Wilhelm (der Große) von Malevalle lebte als asketischer Einsiedler in einer Einöde nahe Castiglione in der Toskana. Nach seinem Tod entwickelte sich aus der Einsiedelei die Eremitenkongregation der „Wilhelmiten“, die sich der Krankenpflege, der Seelsorge und dem Unterricht widmete. + 10.2.1157.

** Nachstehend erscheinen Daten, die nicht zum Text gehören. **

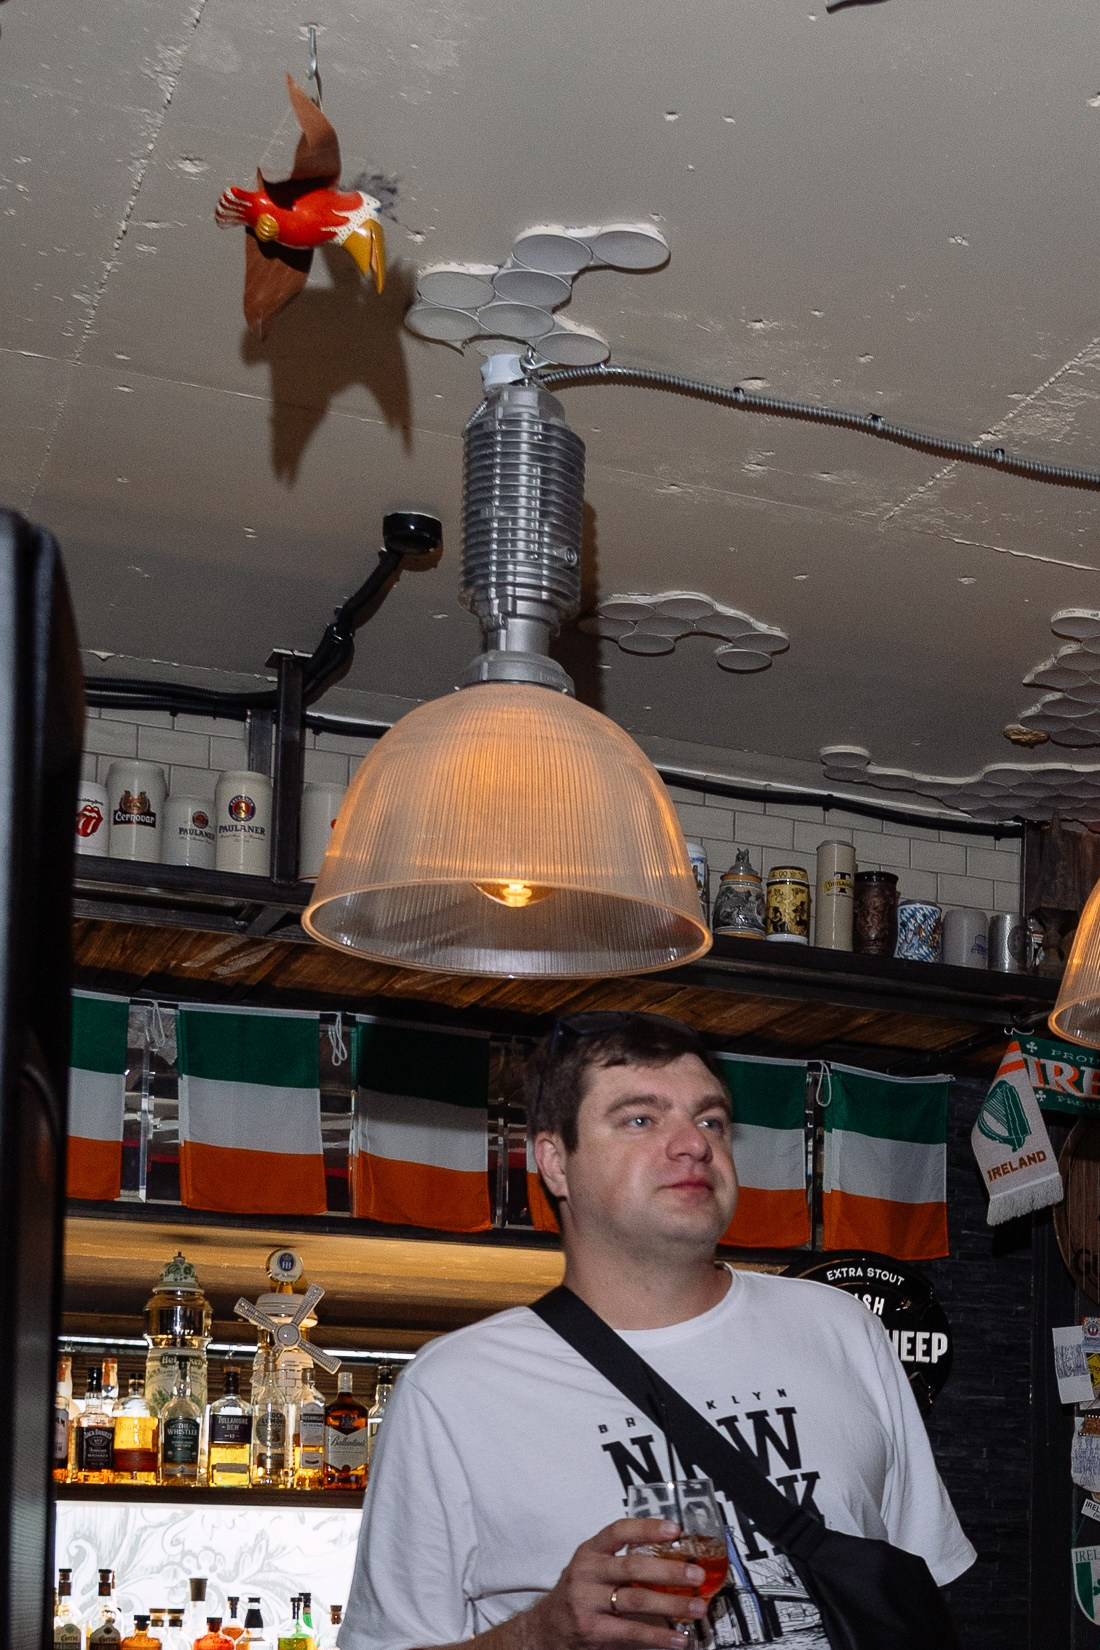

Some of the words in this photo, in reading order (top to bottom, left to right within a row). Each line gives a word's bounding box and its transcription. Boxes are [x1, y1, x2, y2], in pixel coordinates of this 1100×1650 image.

[179, 826, 215, 842] PAULANER
[218, 825, 266, 837] PAULANER
[987, 1150, 1047, 1182] IRELAND
[826, 1267, 864, 1281] EXTRA
[867, 1267, 905, 1286] STOUT
[597, 1388, 788, 1434] BRKLYN

BesonderheitenEinsiedler Sozialengagement

02.04.

Vilmos (Wilhelm)

Vilmos (Wilhelm) Apor, 1892 in Segesvár, Ungarn (heute Rumänien) geboren, besuchte das Jesuitengymnasium in Kalksburg bei Wien, studierte ab 1910 an der Universität Innsbruck Theologie und beendete sein Studium 1916 mit der Promotion zum Doktor. Dann war er als Pfarrer von Gyula tätig, bis er schließlich zum Bischof von Györ (Raab) in Westungarn erhoben wurde. Besonders wurde von den Gläubigen immer wieder die „mitfühlende Seelsorgetätigkeit“ des geistlichen Oberhirten gerühmt. In der Endphase des Zweiten Weltkrieges, am 28. März 1945, wurde der Bischof von russischen Soldaten niedergeschossen. Er lebte noch einige Tage, erlag aber am 2. April seiner schweren Verletzung.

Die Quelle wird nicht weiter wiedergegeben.